NHKの国際情報番組『これでわかった! 世界のいま』が7日、白人と黒人の格差について説明するアニメを番組内で流し、その後、公式ツイッターにて投稿すると、人種差別的だと大きな批判を集めた。

同アニメは海外メディアでも取り上げられ、ジョセフ・M・ヤング駐日米国臨時代理大使が、「この動画ではもっと多くの考察と注意が払われるべきでした。使われたアニメは侮辱的で無神経です」と自身のツイッターアカウントで批判するにまで至っている。

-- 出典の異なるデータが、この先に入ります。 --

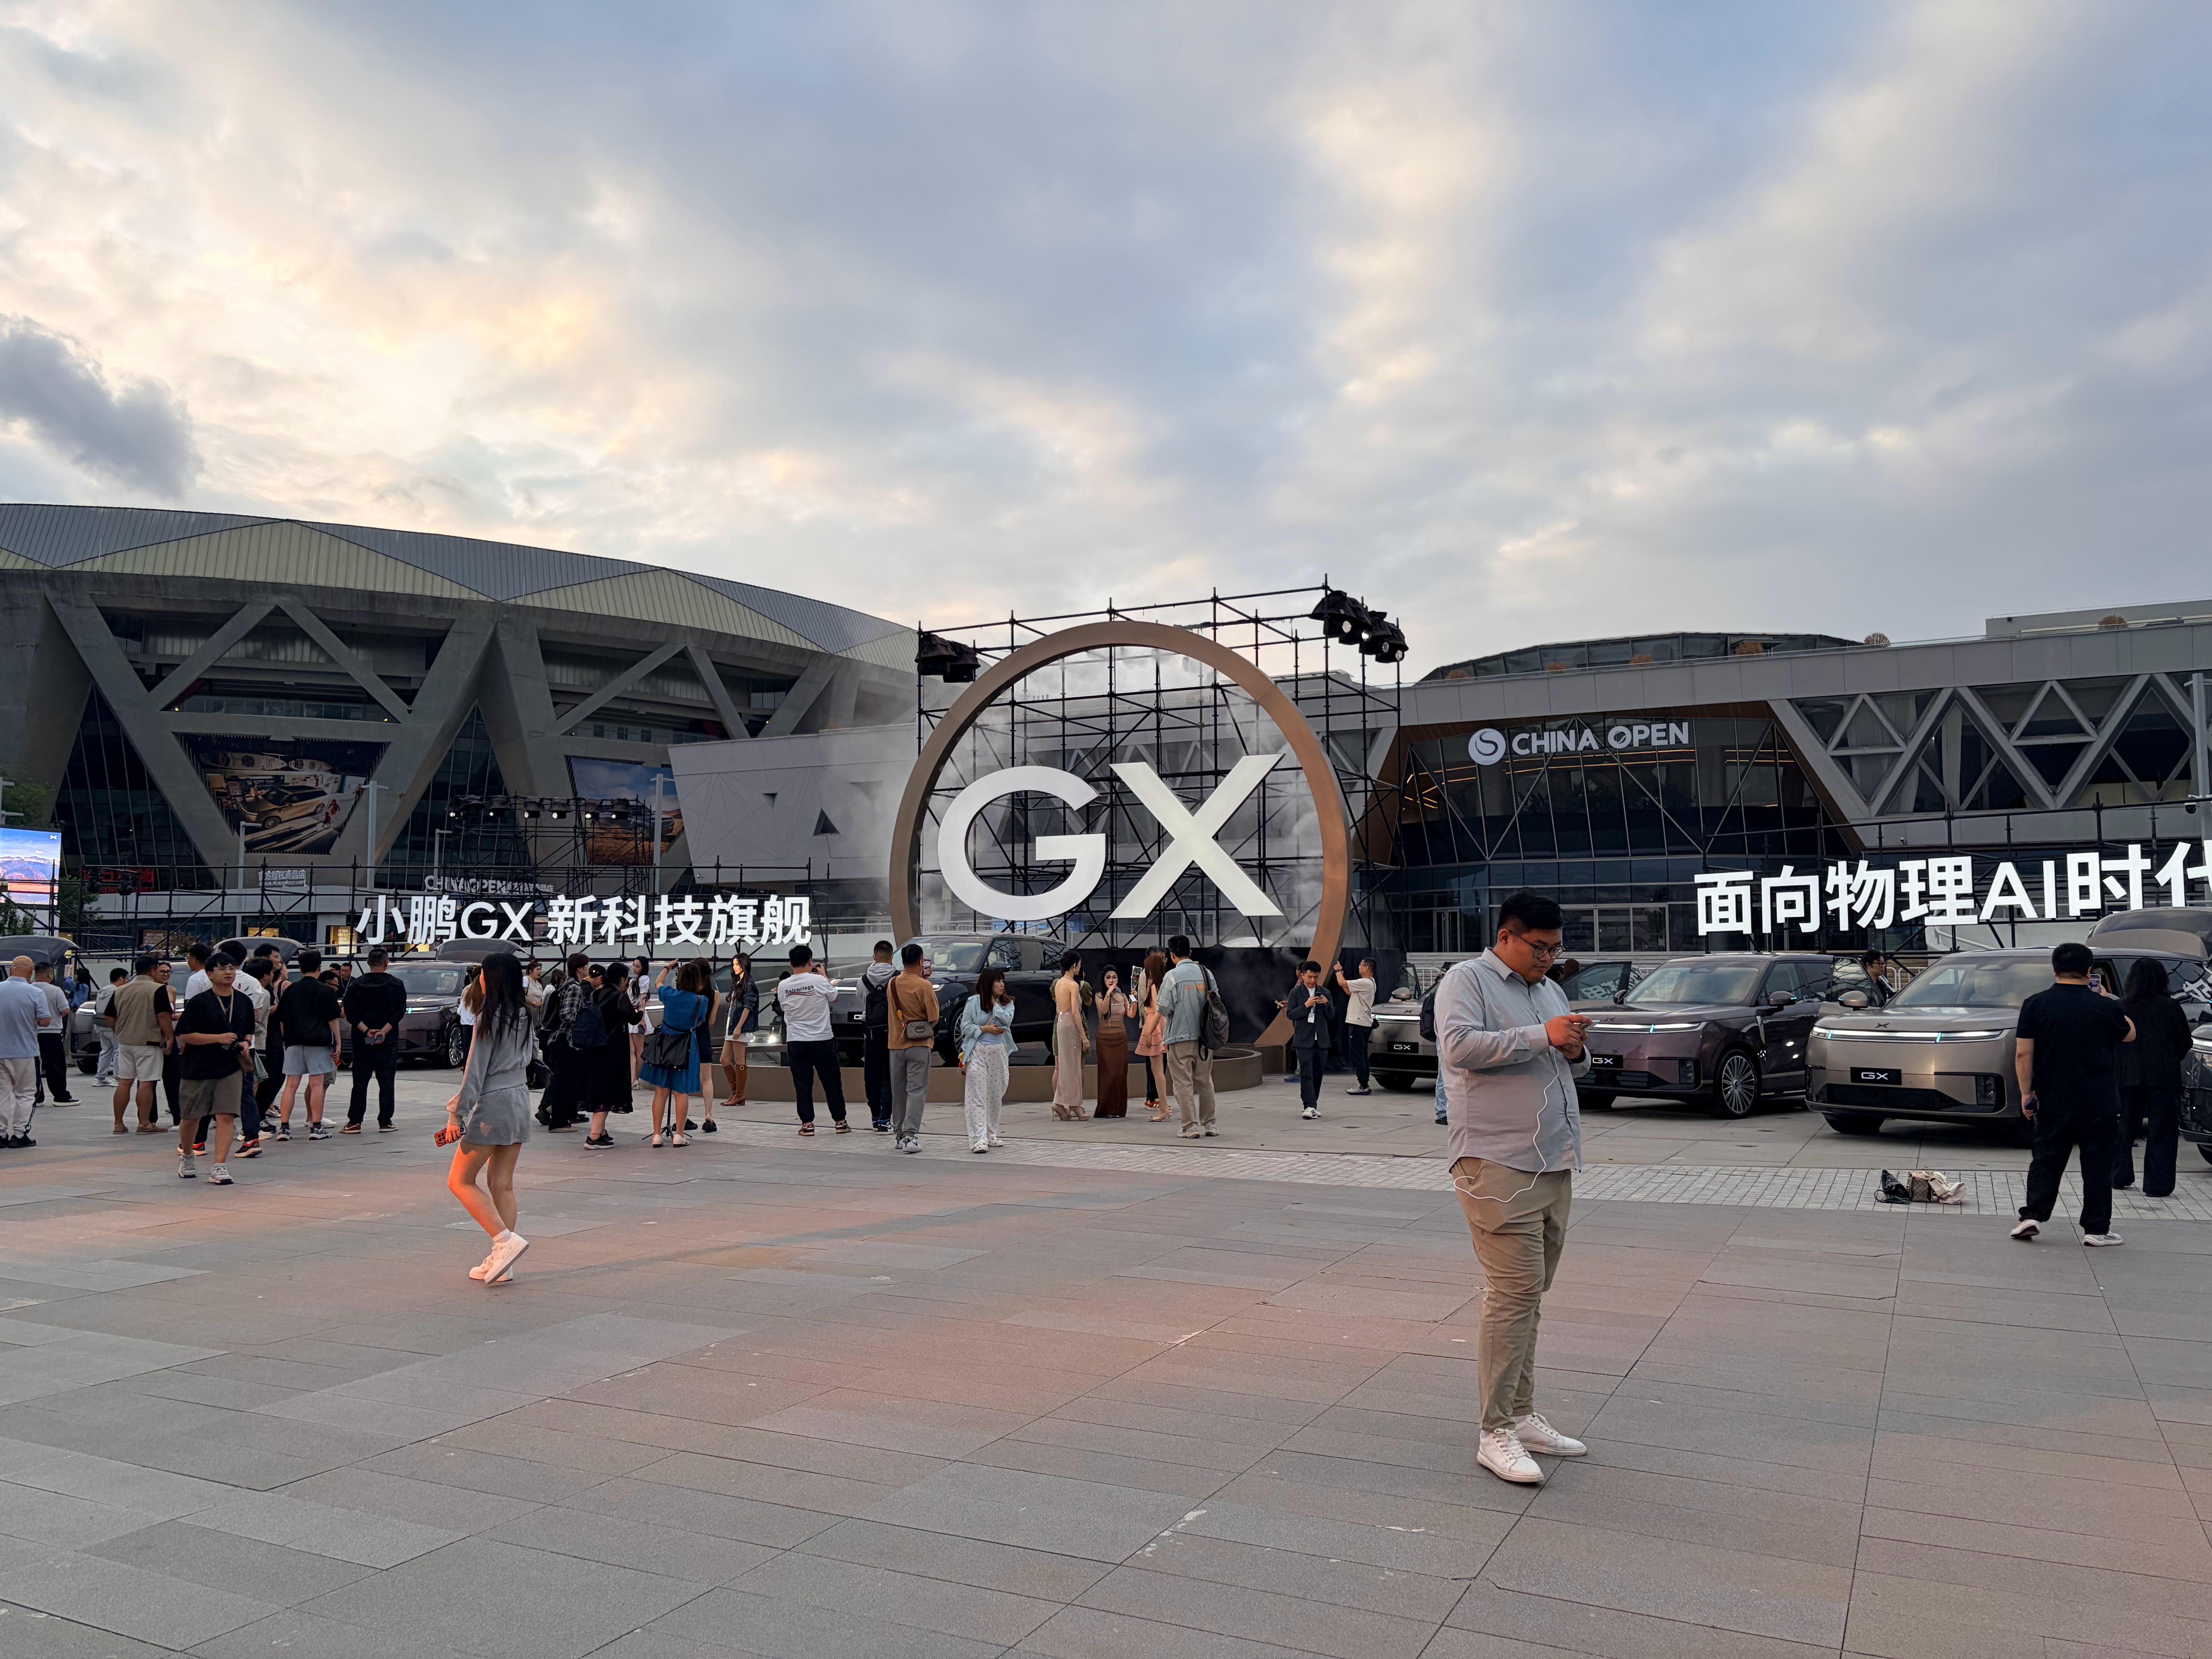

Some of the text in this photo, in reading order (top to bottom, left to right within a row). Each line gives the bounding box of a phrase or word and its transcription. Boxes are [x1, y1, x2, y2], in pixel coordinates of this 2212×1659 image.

米国の複雑な人種問題に焦点をあてようとする @NHK の意図は理解していますが、この動画ではもっと多くの考察と注意が払われるべきでした。使われたアニメは侮辱的で無神経です。 https://t.co/y3s4pSAenz
— ジョセフ・M・ヤング 駐日米国臨時代理大使 (@USAmbJapan) June 9, 2020
事態を受け、NHKは9日に謝罪の文書を発表。その中の「配慮が欠け、不快な思いをされた方にお詫びします」という文面が、「問題なのは不快なことではない」と火に油を注いでいる。
今回のNHKの動画は海外でどのように捉えられているのか、メディアが指摘しているポイントをニューヨークに在住経験のある筆者が解説したい。
黒人の「人種ステレオタイプ」の寄せ集め
問題のアニメは、先日のジョージ・フロイド事件が発端となり全米に広がった抗議デモ「Black Lives Matter」を解説するためのものだ。そもそも発端となった事件やBLM運動に一切触れていないということが何よりも問題だが、それ以外にもいくつかのポイントをアメリカのメディアは指摘している。
1つ目が、「人種ステレオタイプ」。主役男性のムキムキマッチョな肉体、ドスの効いた声、知的でない話し方……これらは「大きくて怖い」「ドラッグ・ディーラー」「失業者」といった黒人男性の人種ステレオタイプを寄せ集めたようだ。また、財布をギューっと握りしめて「お金がないから怒っている」といった動作からは、この男性が今にも強盗を働きそうな印象を与える。
最悪なのは、アメリカのニュースメディア「ハリウッド・リポーター」が、このがま口財布を「女物のバッグ」と表現していることだ。どうやら、外国人の目にはそのように見えるらしい。大きな黒人男性が自分の持ち物ではなさそうな女性物のバッグを片手にお金がないと怒り狂う……どう見ても「犯罪者」だ。
さらに、燃える道路や車を背景に、拳を突き出して地面を踏み鳴らし怒り狂う黒人男女のうちのひとりの男性は、スタンガンを持っているようにも見える。これでは黒人を暴力に結びつけてしまう。
同アニメが転載されたYoutubeのコメント欄に、日本人からと思える興味深い投稿があった。「このステレオタイプはハリウッド映画やミュージックビデオからきたのでは?」というもので、的を得ているように思う。
人種ステレオタイプの形成には、メディアが大きな役割を果たしてきた。